Water sloshed over onto the tile floor. Did she intend to drown me?
I
opened my mouth to yell for Labeck.
Vanessa
sneered. “Don’t think that repairman is going to rush in to save you. He’s
locked in the basement. I’ll decide what to do with him after I deal with you.”
The
water was frigid. I had to set my jaw to keep my teeth from chattering.
“Take
a bath, you dirty pig—all the way in!”
When
I just stood there, Vanessa aimed at the wall above the tub and pulled the
trigger. Instinctively I dived into the tub, creating a small tidal wave. A
chunk of tile above my head exploded. The noise was deafening. I clapped my
hands to my ringing ears as shards of tile rained into the tub. On the first
floor, the dogs went insane, barking and yowling.
“When
I tell you to do something, do it!” Spit flecked Vanessa’s lips.
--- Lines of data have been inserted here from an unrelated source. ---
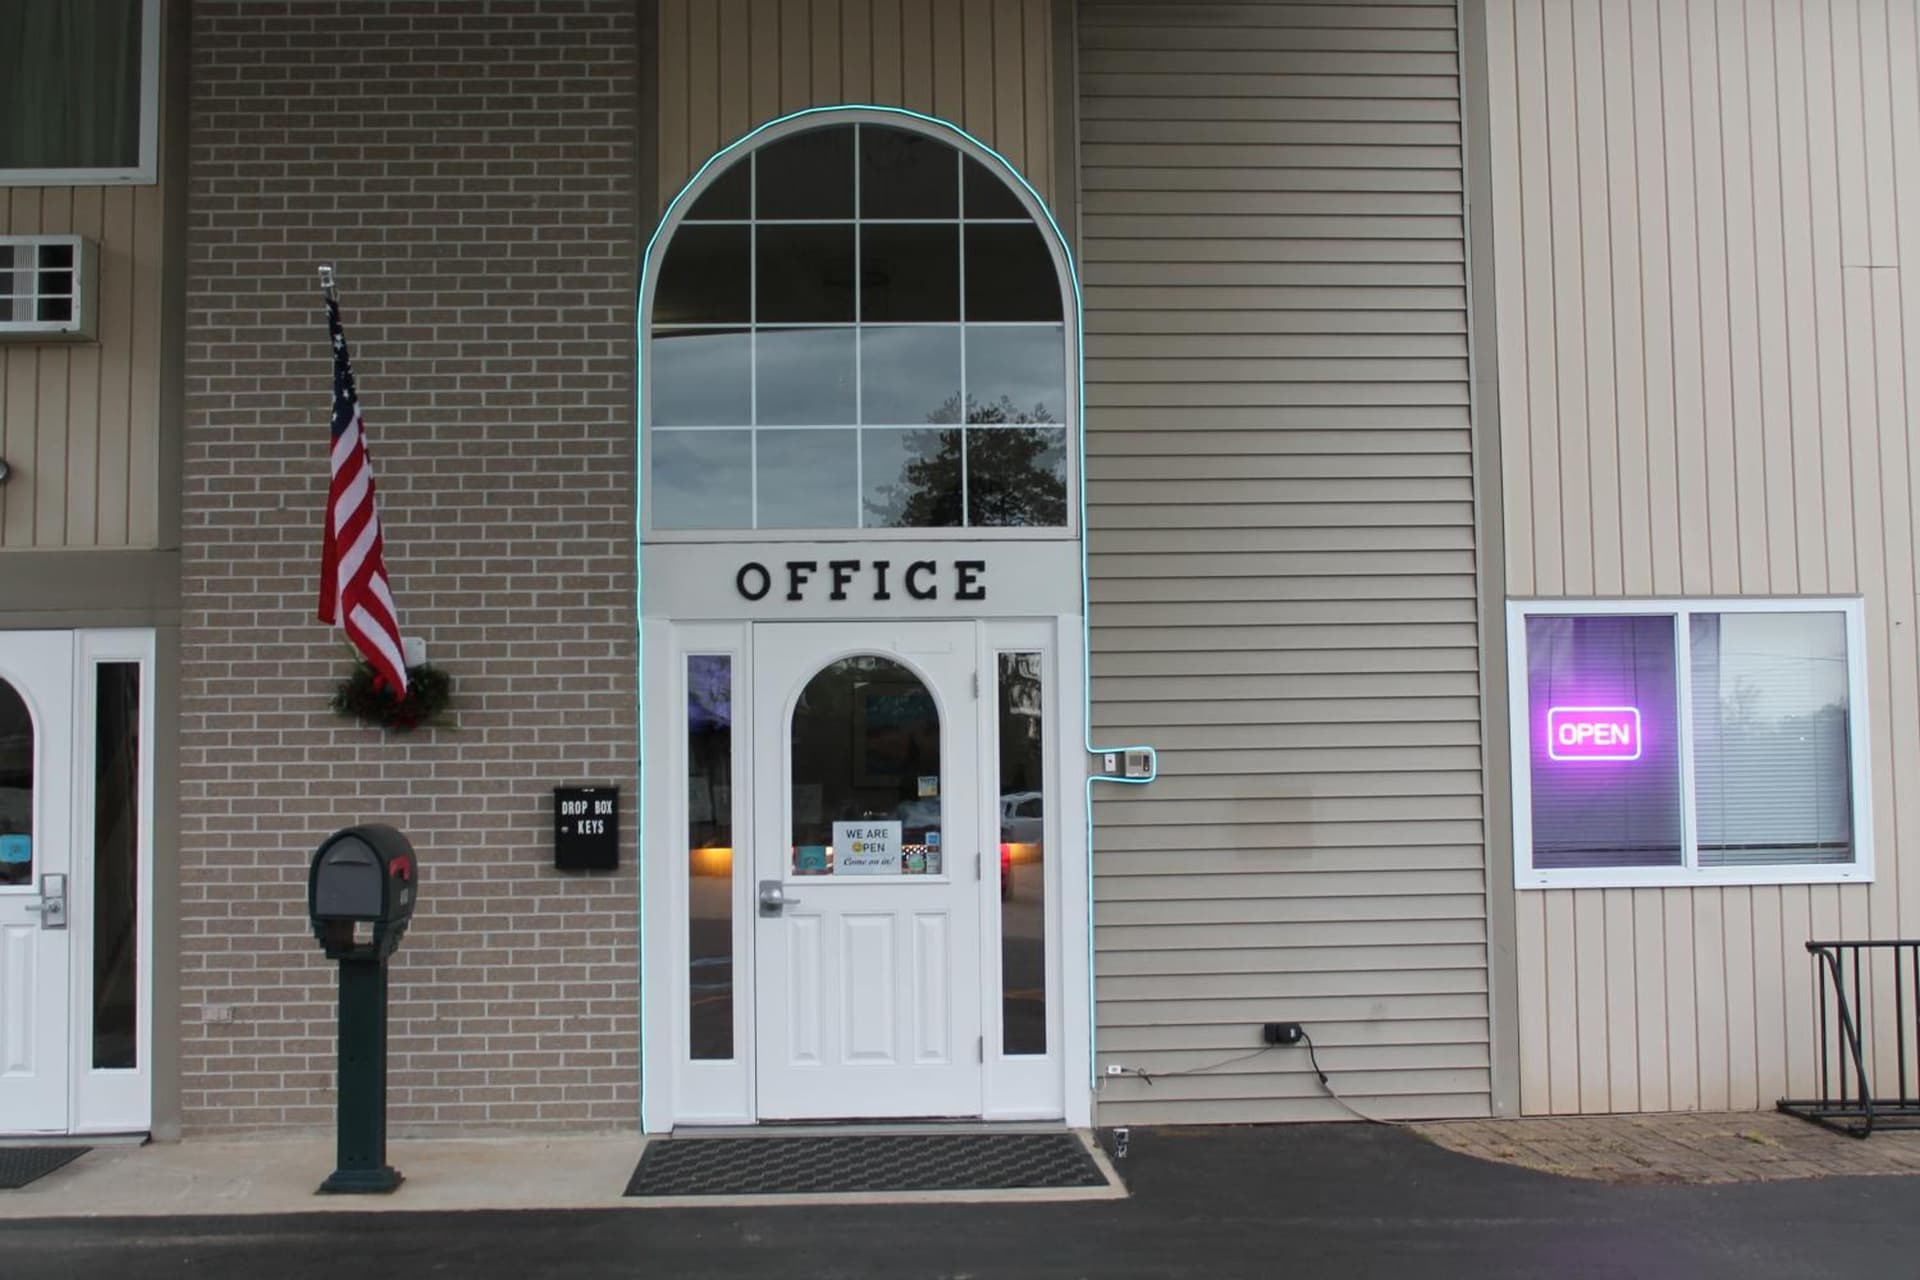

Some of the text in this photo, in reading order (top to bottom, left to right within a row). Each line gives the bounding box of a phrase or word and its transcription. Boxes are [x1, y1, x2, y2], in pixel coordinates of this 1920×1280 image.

[736, 560, 986, 601] OFFICE
[1559, 722, 1630, 746] OPEN
[561, 800, 613, 815] DROP BOX
[577, 820, 604, 834] KEYS
[846, 829, 889, 839] WE ARE
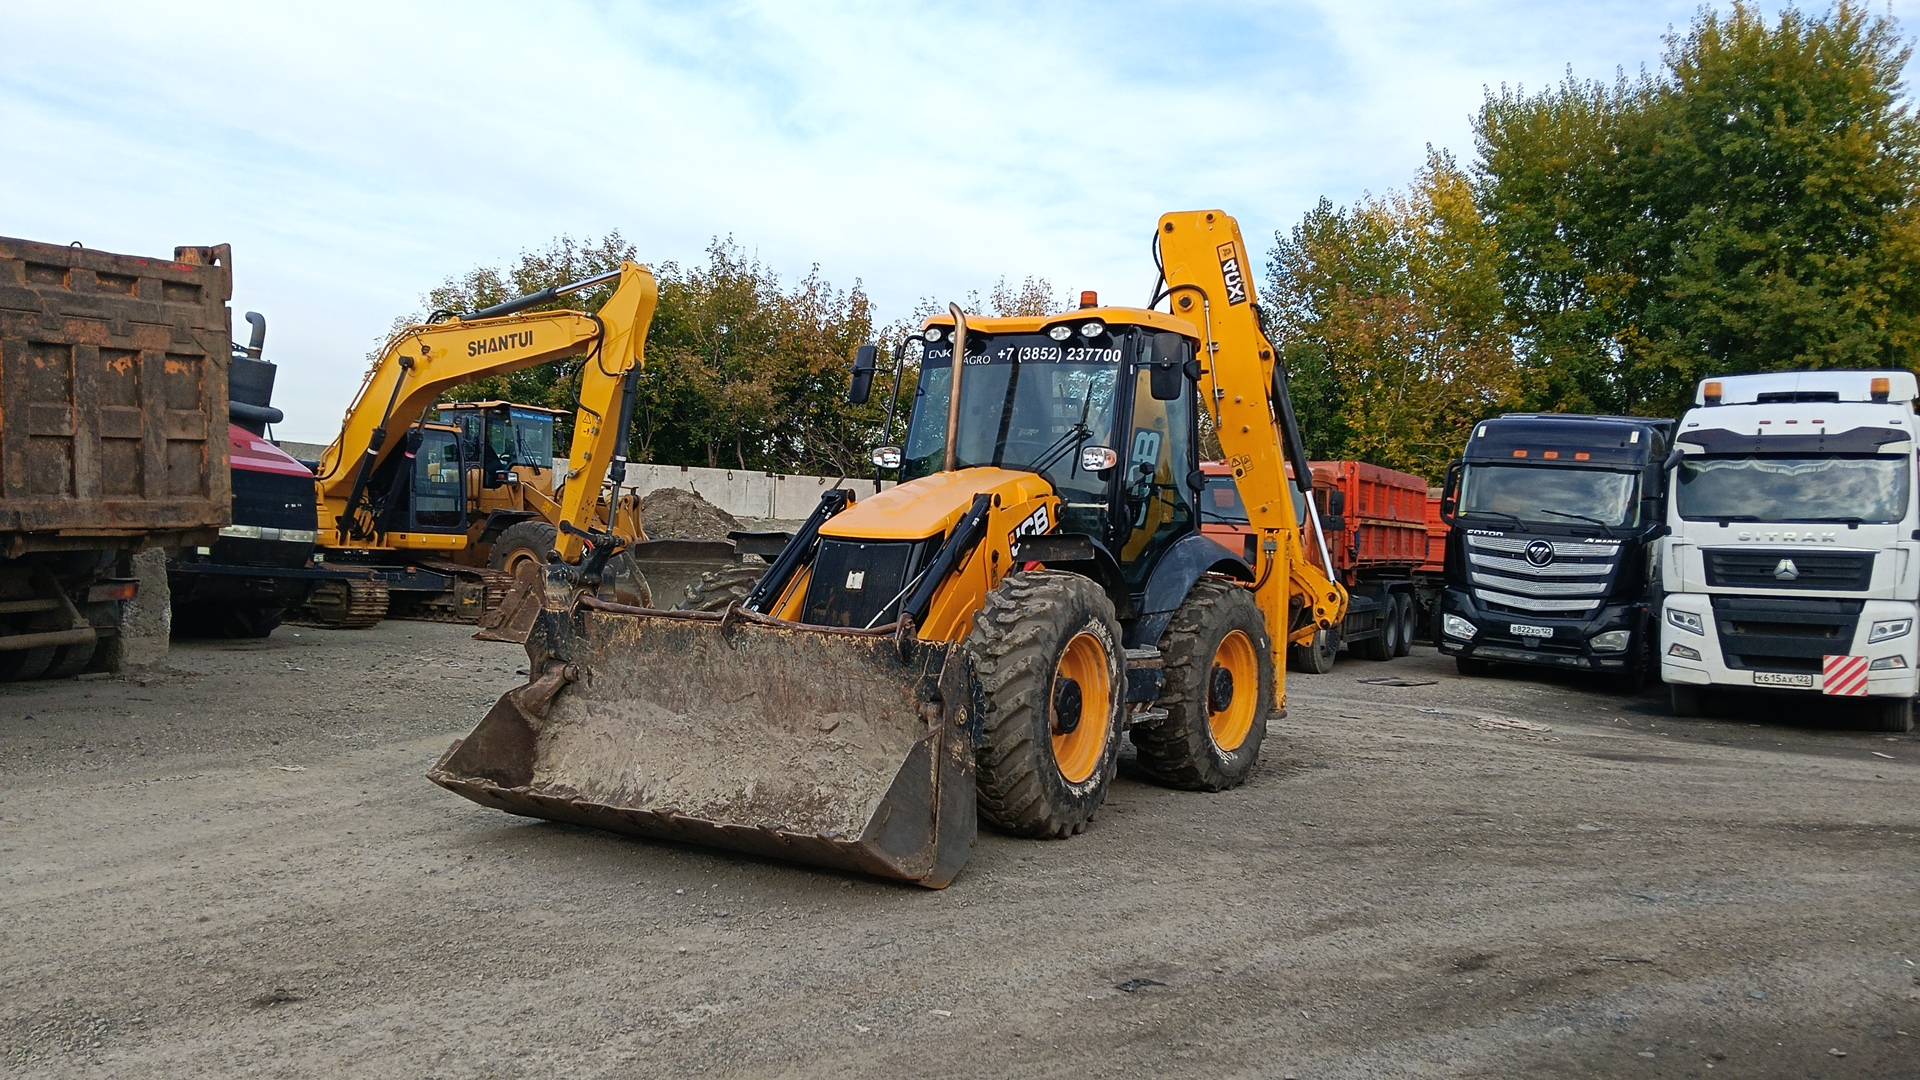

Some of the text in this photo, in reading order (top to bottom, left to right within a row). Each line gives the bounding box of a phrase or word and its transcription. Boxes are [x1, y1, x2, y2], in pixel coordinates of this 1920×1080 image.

[467, 330, 533, 357] SHANTUI
[963, 355, 991, 365] AGRO
[997, 347, 1122, 363] +7 (3852) 237700
[1011, 506, 1049, 557] JCB
[1737, 531, 1836, 543] SITRAK
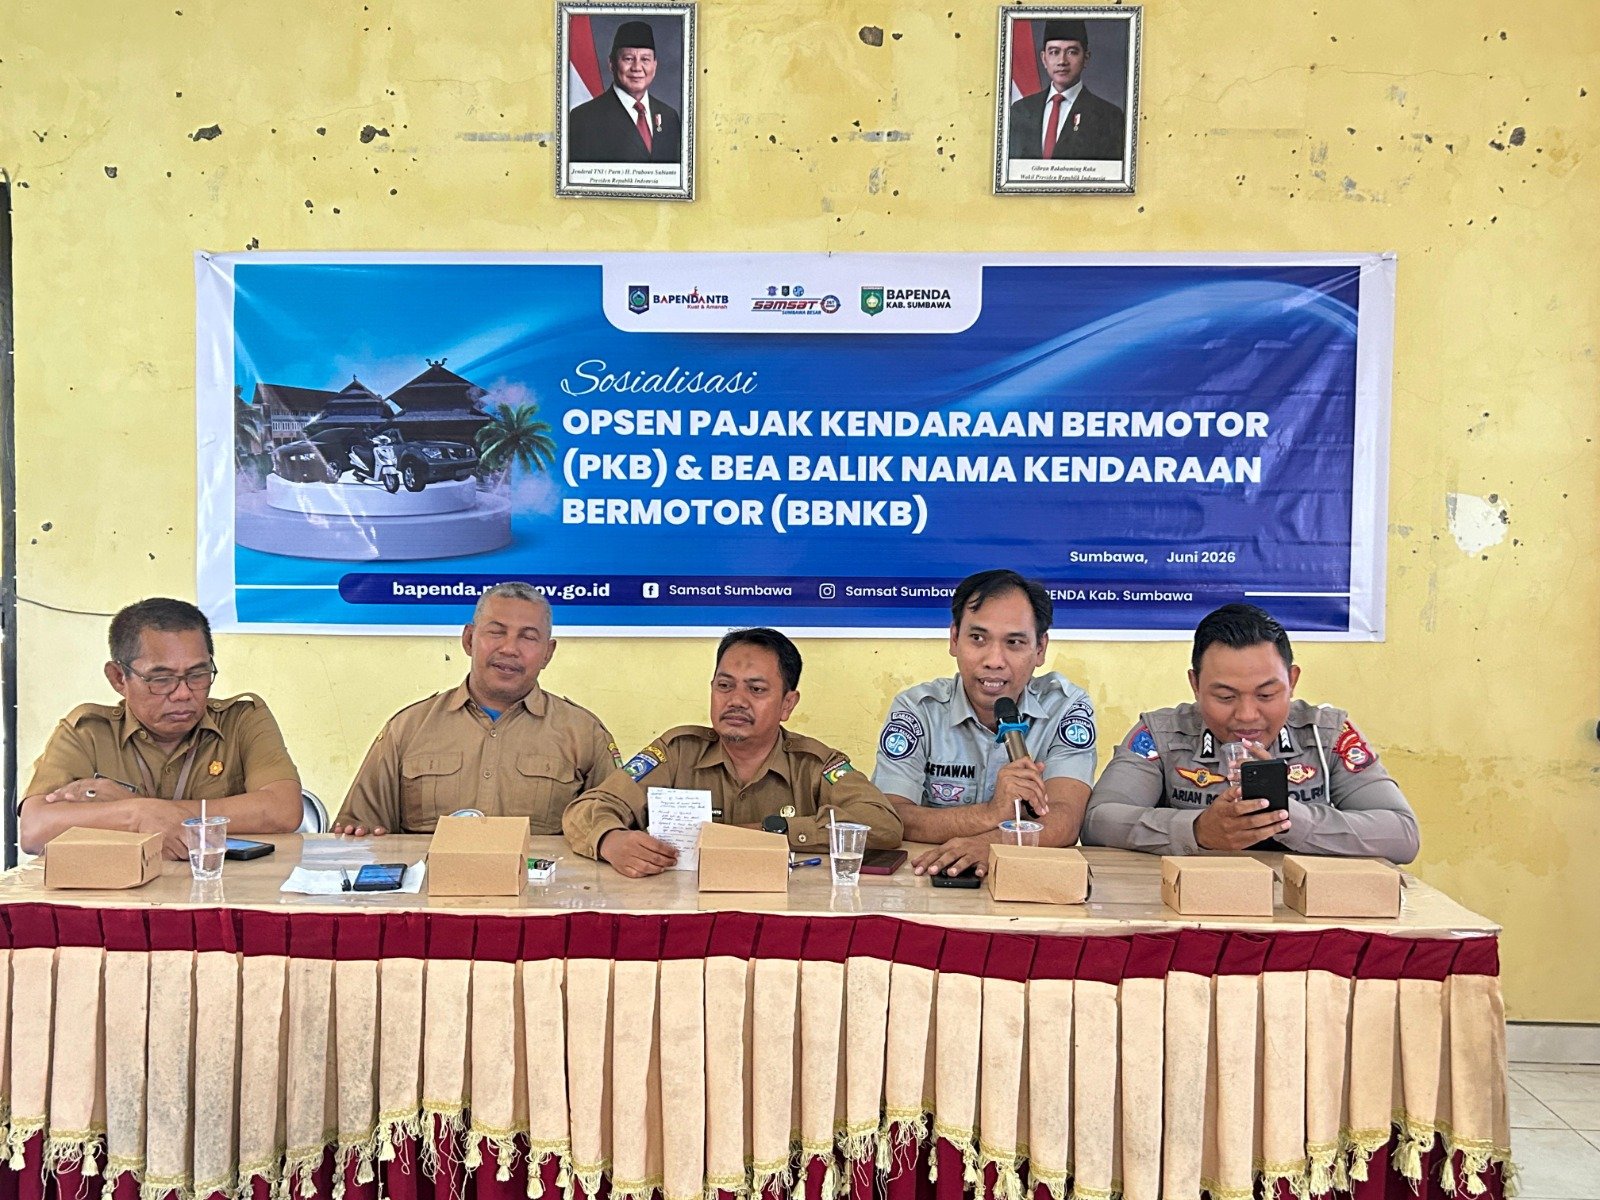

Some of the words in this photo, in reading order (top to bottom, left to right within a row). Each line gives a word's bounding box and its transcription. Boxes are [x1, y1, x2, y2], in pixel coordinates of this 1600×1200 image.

[887, 289, 951, 300] BAPENDA
[560, 359, 758, 397] Sosialisasi
[562, 408, 682, 436] OPSEN
[690, 410, 813, 437] PAJAK
[820, 410, 1054, 438] KENDARAAN
[1061, 410, 1270, 438] BERMOTOR
[563, 447, 668, 488] (PKB)
[675, 454, 704, 481] &
[711, 455, 782, 481] BEA
[788, 455, 894, 482] BALIK
[901, 456, 1018, 483] NAMA
[1024, 456, 1262, 484] KENDARAAN
[562, 498, 764, 526] BERMOTOR
[771, 493, 928, 535] (BBNKB)
[1069, 550, 1149, 565] Sumbawa,
[1166, 550, 1199, 563] Juni
[1201, 551, 1236, 563] 2026
[669, 584, 721, 596] Samsat
[724, 584, 792, 596] Sumbawa
[845, 585, 898, 597] Samsat
[900, 586, 957, 597] Sumbaw
[1089, 589, 1120, 601] Kab.
[1122, 590, 1193, 602] Sumbawa
[1172, 788, 1202, 804] ARIAN
[1288, 785, 1324, 802] OLRI
She looked
down at me, crouched in the water, my arms flung protectively over my head.
“Are you frightened?”
“Y-yes.”
“Good.
You ought to be.”
She
pulled out the St. Christopher medal she wore on a chain around her neck.
Vanessa was an old-style Catholic who went in for novenas, scapulars, prayer
books, and lighted candles. If she’d lived five centuries ago she’d have been
an enthusiastic rack-turner for the Inquisition. The Christopher medal was in
honor of Kip’s patron saint. She brought it to her lips and kissed it. “When
Kip was killed, I lost my faith in God. But I was wrong. I was wrong and beg
God to forgive me. I should have known that in His all-beneficial mercy God
would hear my prayers. God arranged that tornado to deliver you to me.”